If I read the words “coming-out party” one more time within the context of the Olympics, I might hurl. Seriously.
The Boston Globe article also “breaks the story” that China is buying commodities from Africa.
Just the other day, a childhood friend of mine, who manages a fairly large Thai company out of Bangkok, asked me what he should be reading to learn more about China, where his company has expansion plans. Here was my (admittedly US slanted) response to his request that I make a list of what a foreign company seeking to do business in China should be reading:
1. China Law Blog. It’s a lot more than just legal. Its focus is on helping foreign companies succeed in doing business in China and also with China.
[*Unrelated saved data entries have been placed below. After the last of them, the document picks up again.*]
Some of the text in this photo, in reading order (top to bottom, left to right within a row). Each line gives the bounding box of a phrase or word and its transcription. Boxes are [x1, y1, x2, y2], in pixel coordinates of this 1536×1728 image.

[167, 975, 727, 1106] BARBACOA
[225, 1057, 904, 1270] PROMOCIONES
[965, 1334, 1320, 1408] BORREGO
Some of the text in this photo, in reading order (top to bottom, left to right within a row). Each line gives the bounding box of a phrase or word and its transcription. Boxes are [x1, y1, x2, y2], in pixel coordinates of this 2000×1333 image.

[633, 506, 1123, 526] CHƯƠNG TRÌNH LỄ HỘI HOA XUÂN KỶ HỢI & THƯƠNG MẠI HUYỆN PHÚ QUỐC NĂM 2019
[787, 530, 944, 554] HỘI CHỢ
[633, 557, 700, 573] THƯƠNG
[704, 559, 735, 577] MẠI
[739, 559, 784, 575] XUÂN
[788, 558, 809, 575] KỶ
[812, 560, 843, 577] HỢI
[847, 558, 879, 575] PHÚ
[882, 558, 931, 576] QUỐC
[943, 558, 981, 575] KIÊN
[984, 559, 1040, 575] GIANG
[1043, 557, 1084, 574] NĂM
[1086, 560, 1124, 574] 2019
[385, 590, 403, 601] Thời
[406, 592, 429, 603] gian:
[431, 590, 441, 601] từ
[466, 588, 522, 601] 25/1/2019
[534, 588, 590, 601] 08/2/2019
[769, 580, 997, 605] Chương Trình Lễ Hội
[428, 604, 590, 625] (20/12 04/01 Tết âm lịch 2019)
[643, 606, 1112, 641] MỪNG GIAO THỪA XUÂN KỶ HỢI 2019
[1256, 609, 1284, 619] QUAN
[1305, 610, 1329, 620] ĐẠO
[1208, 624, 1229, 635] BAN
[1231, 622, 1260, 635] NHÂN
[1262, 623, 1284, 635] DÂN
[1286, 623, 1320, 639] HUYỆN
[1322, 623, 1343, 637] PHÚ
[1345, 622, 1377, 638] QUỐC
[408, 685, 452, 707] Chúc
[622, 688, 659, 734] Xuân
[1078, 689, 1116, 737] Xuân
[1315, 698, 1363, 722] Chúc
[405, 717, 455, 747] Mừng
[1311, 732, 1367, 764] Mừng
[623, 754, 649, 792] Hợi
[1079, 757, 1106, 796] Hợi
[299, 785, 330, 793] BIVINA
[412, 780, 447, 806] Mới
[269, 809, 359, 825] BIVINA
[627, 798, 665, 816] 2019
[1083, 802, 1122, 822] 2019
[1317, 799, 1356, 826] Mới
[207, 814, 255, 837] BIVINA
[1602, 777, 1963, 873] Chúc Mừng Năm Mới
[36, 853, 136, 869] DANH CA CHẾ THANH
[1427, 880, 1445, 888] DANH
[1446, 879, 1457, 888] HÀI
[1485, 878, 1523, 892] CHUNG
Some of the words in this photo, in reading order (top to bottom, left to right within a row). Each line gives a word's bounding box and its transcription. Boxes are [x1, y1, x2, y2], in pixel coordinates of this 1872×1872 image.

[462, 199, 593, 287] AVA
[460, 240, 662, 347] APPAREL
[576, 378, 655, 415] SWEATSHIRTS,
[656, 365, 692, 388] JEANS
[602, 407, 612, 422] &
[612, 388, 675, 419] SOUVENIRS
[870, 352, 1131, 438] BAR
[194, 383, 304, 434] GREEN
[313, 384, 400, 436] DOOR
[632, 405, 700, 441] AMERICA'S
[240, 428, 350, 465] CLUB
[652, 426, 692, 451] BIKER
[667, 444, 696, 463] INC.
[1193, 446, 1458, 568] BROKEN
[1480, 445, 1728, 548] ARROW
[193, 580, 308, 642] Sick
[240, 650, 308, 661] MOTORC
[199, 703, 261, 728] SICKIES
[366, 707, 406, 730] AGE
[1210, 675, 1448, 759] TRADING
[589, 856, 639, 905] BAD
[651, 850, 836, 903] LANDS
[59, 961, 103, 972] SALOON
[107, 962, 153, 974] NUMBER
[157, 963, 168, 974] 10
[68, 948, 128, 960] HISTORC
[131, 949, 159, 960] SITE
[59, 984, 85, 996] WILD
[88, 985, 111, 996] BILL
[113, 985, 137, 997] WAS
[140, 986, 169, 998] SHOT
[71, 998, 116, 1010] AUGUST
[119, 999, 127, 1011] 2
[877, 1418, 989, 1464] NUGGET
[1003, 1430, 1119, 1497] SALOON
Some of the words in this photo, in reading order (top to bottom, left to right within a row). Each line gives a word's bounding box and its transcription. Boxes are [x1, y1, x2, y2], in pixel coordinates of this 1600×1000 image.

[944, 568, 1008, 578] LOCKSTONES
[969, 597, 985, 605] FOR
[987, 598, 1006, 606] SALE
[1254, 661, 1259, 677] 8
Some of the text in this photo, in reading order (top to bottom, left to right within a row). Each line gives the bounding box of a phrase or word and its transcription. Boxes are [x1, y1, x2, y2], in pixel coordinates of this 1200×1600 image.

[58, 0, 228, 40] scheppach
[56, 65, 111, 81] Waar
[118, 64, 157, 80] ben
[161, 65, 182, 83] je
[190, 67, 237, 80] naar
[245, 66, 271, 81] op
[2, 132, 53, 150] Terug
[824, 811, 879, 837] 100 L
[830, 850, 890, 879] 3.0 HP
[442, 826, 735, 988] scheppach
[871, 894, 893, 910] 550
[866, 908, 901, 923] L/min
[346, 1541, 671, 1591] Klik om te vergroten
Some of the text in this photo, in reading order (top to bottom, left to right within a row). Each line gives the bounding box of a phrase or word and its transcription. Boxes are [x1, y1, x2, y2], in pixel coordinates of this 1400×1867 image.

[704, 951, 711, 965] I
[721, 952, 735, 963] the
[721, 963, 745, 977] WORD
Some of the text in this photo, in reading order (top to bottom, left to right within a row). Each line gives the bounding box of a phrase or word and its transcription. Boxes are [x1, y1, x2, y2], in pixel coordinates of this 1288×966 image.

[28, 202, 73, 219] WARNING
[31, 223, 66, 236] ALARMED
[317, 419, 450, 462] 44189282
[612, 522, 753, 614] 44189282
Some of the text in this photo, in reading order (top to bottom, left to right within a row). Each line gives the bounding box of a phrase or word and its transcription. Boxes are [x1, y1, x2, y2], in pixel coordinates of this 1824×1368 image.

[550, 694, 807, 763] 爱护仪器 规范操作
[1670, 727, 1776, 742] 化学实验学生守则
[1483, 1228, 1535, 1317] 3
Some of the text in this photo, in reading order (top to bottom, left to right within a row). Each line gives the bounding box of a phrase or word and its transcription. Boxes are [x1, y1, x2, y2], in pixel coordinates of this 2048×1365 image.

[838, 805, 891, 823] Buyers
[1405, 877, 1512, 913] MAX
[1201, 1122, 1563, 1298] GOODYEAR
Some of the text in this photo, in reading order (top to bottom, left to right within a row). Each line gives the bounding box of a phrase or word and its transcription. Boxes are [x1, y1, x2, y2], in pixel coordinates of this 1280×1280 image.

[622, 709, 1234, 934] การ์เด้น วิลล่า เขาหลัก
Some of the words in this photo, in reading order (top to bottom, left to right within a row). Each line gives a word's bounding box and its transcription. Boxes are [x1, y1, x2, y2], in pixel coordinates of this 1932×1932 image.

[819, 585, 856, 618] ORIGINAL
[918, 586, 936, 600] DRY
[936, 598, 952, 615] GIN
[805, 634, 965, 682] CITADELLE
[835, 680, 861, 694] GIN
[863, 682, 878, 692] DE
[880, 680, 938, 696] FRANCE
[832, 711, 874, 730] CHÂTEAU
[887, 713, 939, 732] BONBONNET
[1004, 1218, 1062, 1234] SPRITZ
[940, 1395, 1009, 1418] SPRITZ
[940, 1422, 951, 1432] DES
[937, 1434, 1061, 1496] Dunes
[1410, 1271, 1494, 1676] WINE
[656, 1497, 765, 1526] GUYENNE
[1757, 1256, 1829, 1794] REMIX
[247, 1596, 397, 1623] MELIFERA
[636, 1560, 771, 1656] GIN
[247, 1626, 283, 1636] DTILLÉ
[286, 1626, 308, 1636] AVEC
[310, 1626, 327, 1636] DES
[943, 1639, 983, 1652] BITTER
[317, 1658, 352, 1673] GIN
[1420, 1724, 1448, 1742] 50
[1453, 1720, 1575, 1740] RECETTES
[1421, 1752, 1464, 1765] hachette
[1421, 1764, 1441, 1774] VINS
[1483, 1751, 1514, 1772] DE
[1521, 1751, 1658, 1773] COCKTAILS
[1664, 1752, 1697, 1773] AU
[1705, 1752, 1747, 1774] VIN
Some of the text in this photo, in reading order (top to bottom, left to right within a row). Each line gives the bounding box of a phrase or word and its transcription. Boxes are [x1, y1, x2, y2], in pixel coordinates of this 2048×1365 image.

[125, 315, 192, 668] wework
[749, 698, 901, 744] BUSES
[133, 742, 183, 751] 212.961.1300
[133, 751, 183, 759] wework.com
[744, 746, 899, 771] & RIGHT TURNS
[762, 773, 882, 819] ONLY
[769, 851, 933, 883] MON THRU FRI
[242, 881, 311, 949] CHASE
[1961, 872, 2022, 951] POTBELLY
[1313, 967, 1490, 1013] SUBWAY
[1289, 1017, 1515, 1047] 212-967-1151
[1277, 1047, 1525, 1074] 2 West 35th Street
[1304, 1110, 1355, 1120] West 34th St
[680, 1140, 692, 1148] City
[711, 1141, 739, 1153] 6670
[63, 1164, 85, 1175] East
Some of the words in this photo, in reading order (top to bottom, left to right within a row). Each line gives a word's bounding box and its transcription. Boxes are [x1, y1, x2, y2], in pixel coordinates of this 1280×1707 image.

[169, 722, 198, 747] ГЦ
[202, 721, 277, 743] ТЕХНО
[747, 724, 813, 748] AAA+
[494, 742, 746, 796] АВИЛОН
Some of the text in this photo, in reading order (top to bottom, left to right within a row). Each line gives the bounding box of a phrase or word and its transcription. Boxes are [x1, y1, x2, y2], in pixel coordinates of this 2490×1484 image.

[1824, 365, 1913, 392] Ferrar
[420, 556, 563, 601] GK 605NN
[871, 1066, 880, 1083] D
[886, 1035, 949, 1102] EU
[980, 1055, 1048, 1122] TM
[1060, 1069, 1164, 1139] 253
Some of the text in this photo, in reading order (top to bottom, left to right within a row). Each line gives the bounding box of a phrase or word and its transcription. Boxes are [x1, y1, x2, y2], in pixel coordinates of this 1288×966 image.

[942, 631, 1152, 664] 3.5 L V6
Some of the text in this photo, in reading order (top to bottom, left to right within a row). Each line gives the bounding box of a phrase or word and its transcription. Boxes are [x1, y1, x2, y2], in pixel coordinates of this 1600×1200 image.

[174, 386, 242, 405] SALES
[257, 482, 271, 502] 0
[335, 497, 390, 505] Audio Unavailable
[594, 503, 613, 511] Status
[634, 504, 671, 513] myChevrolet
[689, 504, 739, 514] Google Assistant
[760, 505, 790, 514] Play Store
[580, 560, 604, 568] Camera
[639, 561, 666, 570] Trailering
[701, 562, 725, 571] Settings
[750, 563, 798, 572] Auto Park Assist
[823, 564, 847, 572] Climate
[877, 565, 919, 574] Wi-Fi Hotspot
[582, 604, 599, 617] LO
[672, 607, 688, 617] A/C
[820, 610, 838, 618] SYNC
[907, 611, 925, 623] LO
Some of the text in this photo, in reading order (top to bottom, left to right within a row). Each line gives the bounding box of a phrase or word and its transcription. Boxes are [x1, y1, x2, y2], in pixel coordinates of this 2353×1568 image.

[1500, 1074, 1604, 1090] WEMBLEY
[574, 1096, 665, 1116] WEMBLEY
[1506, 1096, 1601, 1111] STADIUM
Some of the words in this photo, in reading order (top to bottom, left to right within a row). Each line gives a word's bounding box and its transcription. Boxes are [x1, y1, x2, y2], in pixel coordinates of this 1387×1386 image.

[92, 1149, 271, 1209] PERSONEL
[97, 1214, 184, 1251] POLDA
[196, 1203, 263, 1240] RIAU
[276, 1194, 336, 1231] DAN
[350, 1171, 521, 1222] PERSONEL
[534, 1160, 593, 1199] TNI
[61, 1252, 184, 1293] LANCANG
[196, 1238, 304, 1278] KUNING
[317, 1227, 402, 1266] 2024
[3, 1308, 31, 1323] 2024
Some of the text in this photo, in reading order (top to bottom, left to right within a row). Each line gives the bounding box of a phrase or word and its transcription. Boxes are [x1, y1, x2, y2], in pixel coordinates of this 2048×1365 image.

2. China Economic Review is a good magazine and their online version has nearly as much as their hard copy.
3. China International Business [link no longer exists] is a good magazine and quickly getting much better. It is bringing in really good columnists who have something to say and its circulation is rising. It just started up online and it is getting pretty good there also.
4. As for books, China Shakes the World is excellent. It should be the first book you read. From there, consider China CEO. This is a collection of interviews with people who really know China. It is very good on the nuts and bolts. Many “China experts” love to hate One Billion Customers, but I liked it. Everyone complains that it makes it seem as though the ten or so case studies apply to the country as a whole, when in reality, they only really apply to huge companies a few years ago, but so what. It’s well written, interesting, and fun, and you will actually learn a lot about overall business in China from it. On top of that, everybody will assume you have read it in any event. Lastly, I recommend Dragons at Your Door. It’s not all that long, but it will convince you (along with all the other books) that the media pretty much has China wrong. Oh, and speaking of the media, the only US media you can really trust are the following:
- Christian Science Monitor
- New York Times.
- Washington Post
- Boston Globe
- LA Times
- National Post
- Financial Times
Readers, did I miss any?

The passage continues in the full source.